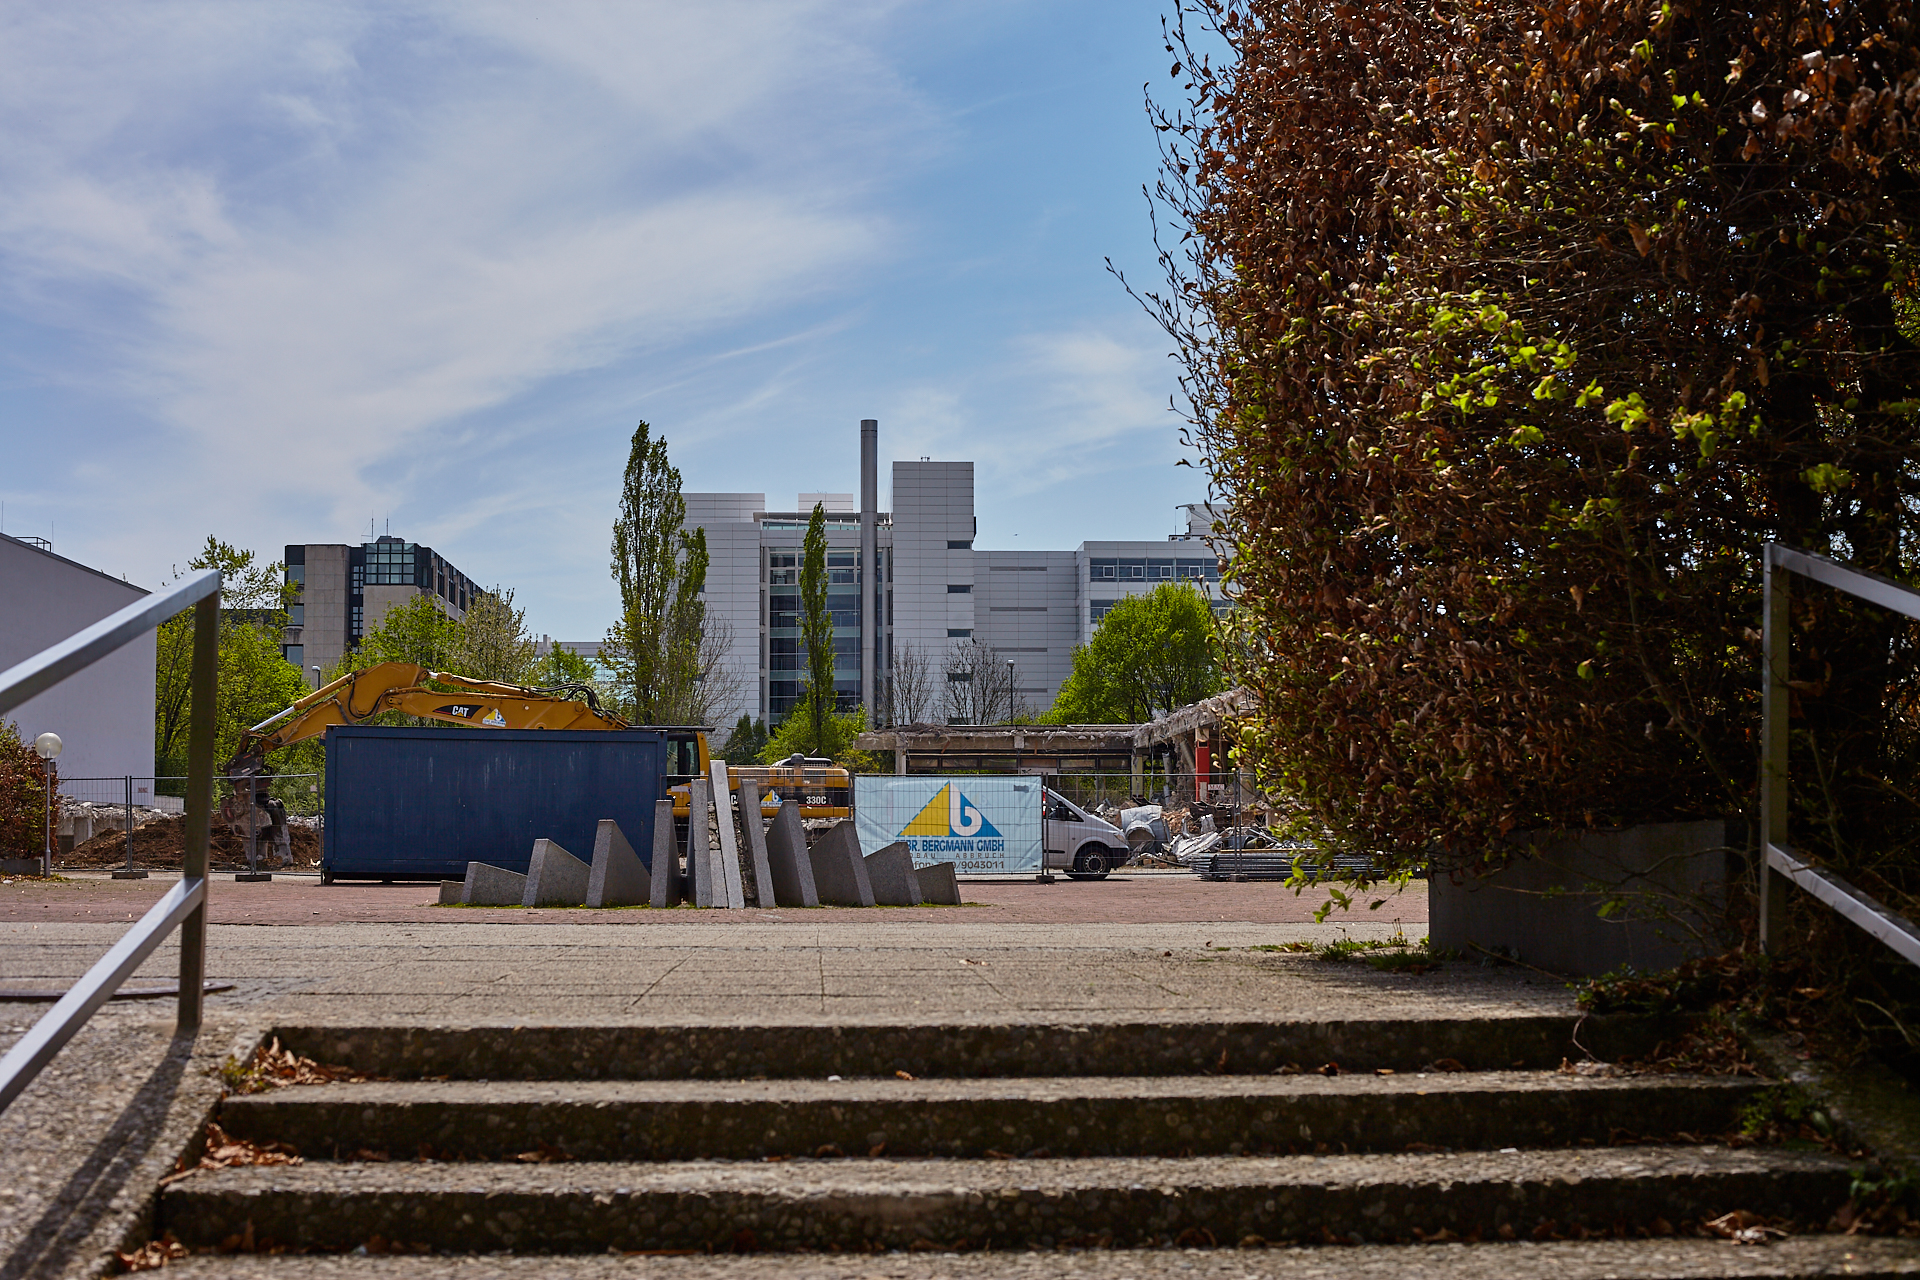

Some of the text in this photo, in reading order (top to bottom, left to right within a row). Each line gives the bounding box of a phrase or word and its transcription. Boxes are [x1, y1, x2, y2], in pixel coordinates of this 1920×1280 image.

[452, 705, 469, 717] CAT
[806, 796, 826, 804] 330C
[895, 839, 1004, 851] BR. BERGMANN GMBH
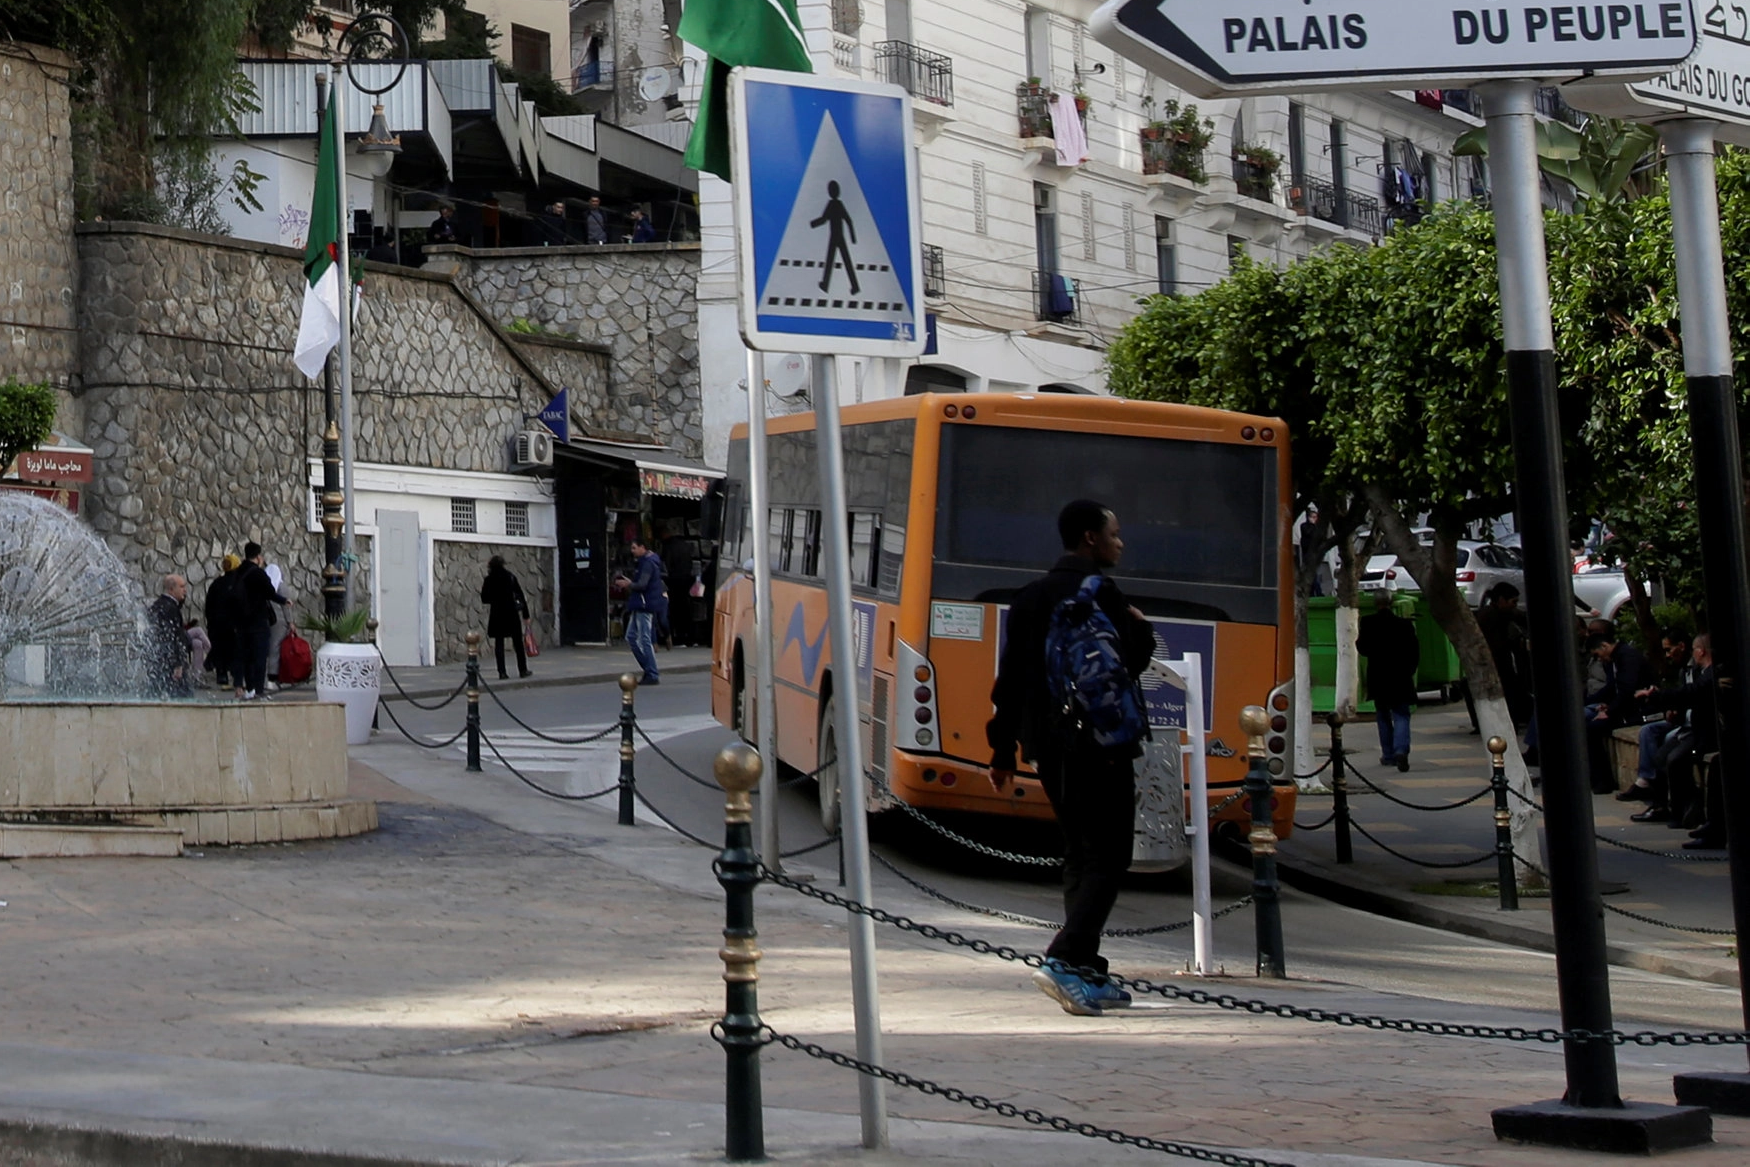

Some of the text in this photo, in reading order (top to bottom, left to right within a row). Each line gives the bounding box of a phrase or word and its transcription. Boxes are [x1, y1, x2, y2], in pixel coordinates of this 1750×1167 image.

**Work order**
If the data includes images, skip them and copy every line exactly.

**Solution**
Some of the text in this photo, in reading order (top to bottom, left to right within a row). Each line gives the bounding box of a phrase or word and its transcription. Boxes are [x1, y1, x2, y2], in pixel coordinates of this 1920×1280 image.

[452, 705, 469, 717] CAT
[806, 796, 826, 804] 330C
[895, 839, 1004, 851] BR. BERGMANN GMBH

Some of the text in this photo, in reading order (top to bottom, left to right within a row). Each line gives the bounding box of a phrase or word and its transcription. Boxes are [x1, y1, x2, y2], in pixel coordinates of this 1750×1167 image.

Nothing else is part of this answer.